Peningkatan kemampuan beradaptasi terhadap perubahan kondisi iklim yang menyertai perubahan lempeng tektonik purba jutaan tahun lalu mungkin menjelaskan mengapa fauna Asia ditemukan di Australia, tetapi tidak sebaliknya, kata ahli biologi.

Spesies asli Asia dapat mentolerir variasi yang luas dalam kondisi iklim dan lebih berhasil dalam beradaptasi dan menetap di Australia, kata ahli biologi dalam penelitian yang dipimpin oleh orang-orang di Australian National University (ANU), Australia, dan ETH Zurich, Swiss.

Mereka memberikan penjelasan baru untuk distribusi miring spesies Australia dan Asia melintasi Garis Wallace, garis imajiner yang memisahkan Australia, Nugini dan sebagian Indonesia dari daratan Asia Tenggara dan dinamai d ‘setelah naturalis Inggris yang menggambarkannya, Alfred Russell Wallace.

“Jika Anda bepergian ke Kalimantan, Anda tidak akan melihat mamalia berkantung, tetapi jika Anda pergi ke pulau tetangga Sulawesi, Anda akan melihatnya. Australia, di sisi lain, kekurangan mamalia khas Asia, seperti beruang, harimau, atau badak,’ kata Alex Skeels, dari ANU dan penulis korespondensi studi yang diterbitkan dalam jurnal Science.

Studi ini menganalisis kumpulan data sekitar 20.000 burung, mamalia, reptil, dan amfibi untuk menentukan spesies mana yang melompat antara Indonesia dan Australia, dan mana yang berhasil beradaptasi dengan rumah baru mereka.

Sekitar 35 juta tahun yang lalu, Australia, yang terletak lebih jauh ke selatan, terhubung ke Antartika. Pada titik tertentu ia memisahkan diri dari Antartika dan, setelah jutaan tahun melayang ke utara, akhirnya jatuh di Asia.

“Tabrakan benua” ini memunculkan pulau vulkanik di Indonesia, yang menurut ahli biologi berfungsi sebagai “batu loncatan” bagi hewan dan tumbuhan asli Asia untuk mencapai New Guinea dan Asia utara, Australia, dan sebaliknya.

Selain itu, para peneliti menjelaskan, perpisahan Australia dengan Antartika telah disertai dengan perubahan iklim, yang menyebabkan tren pendinginan dan pengeringan benua, berkontribusi pada peristiwa kepunahan massal di seluruh dunia.

Skeels mengatakan bahwa meskipun terjadi pendinginan global, iklim kepulauan Indonesia tetap relatif hangat, lembab, dan tropis.
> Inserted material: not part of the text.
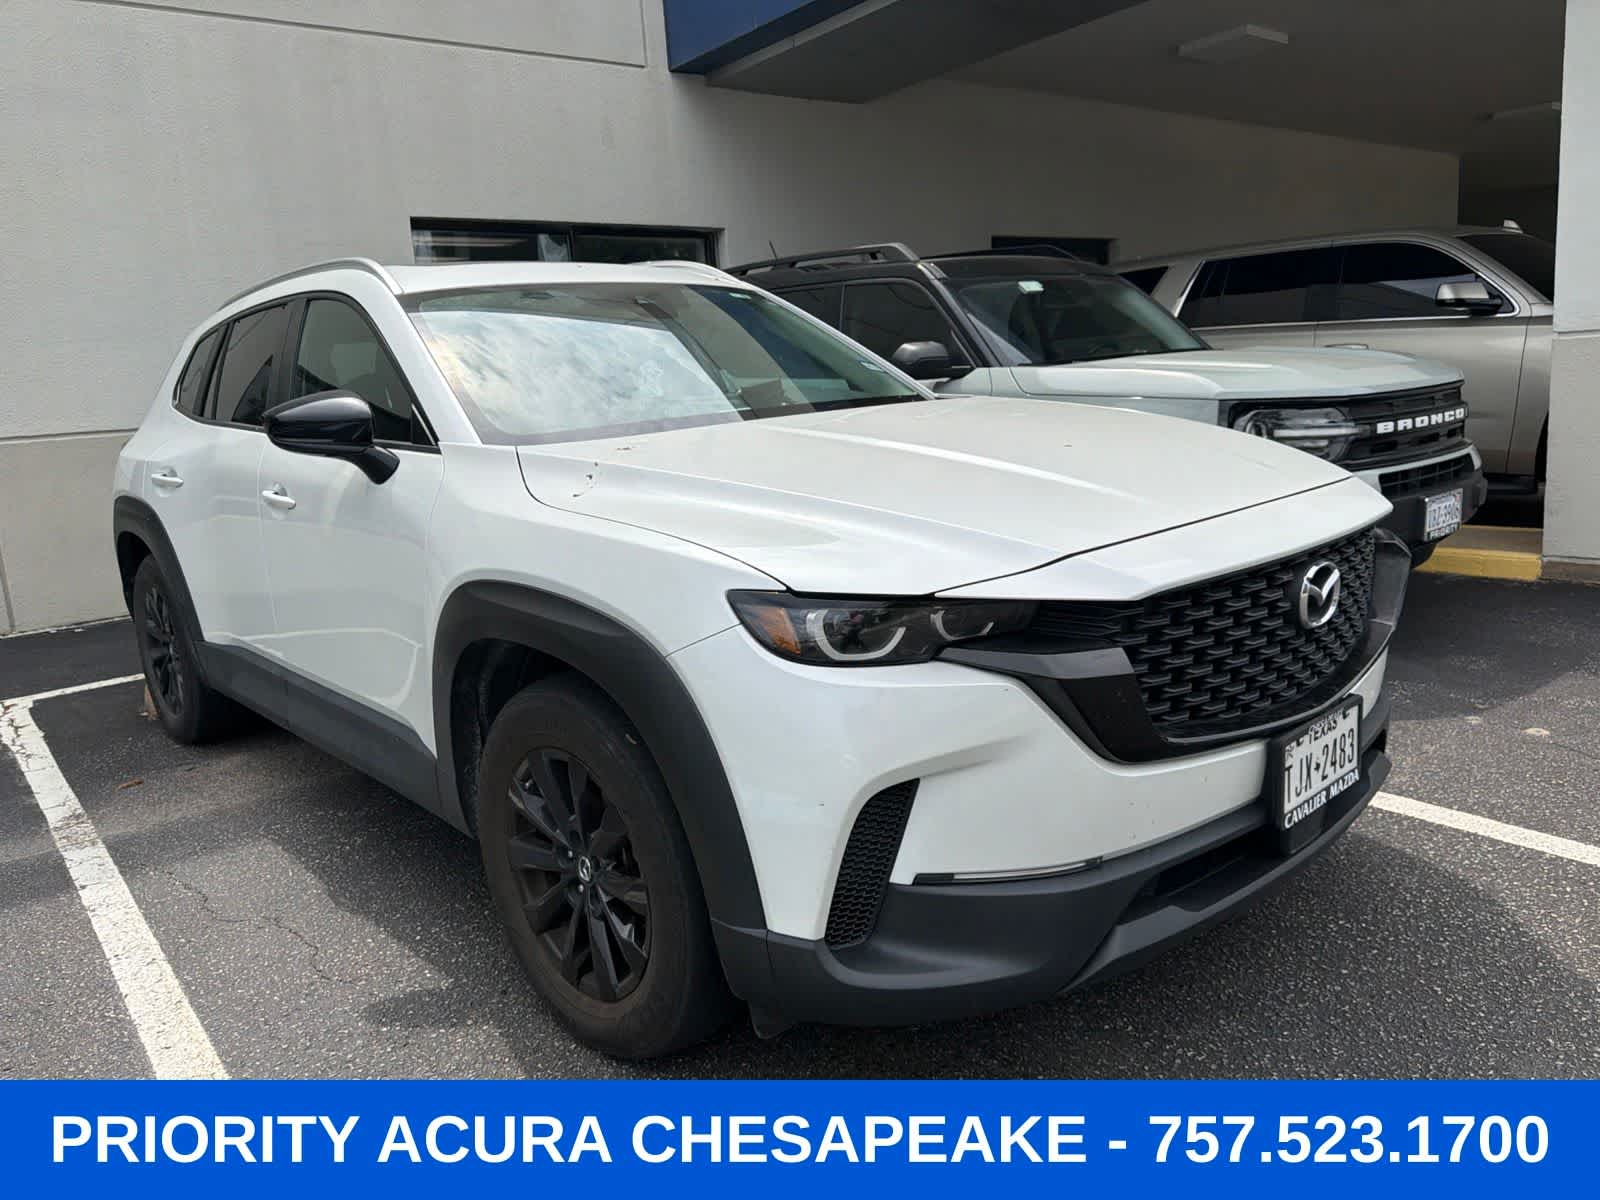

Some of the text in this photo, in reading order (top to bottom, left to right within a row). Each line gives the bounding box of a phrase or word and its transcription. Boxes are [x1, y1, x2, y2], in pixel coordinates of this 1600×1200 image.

Fauna Asia, yang beradaptasi dengan baik dengan kondisi ini, dapat menetap di Australia.

Spesies Australia, di sisi lain, telah berevolusi di iklim yang lebih dingin menjadi semakin kering dan karena itu kurang berhasil membangun diri di pulau tropis, kata Skeels.

Temuan mereka, kata Skeels, dapat menginformasikan prediksi migrasi hewan di masa depan, serta spesies mana yang lebih baik beradaptasi dengan lingkungan baru, kata Skeels.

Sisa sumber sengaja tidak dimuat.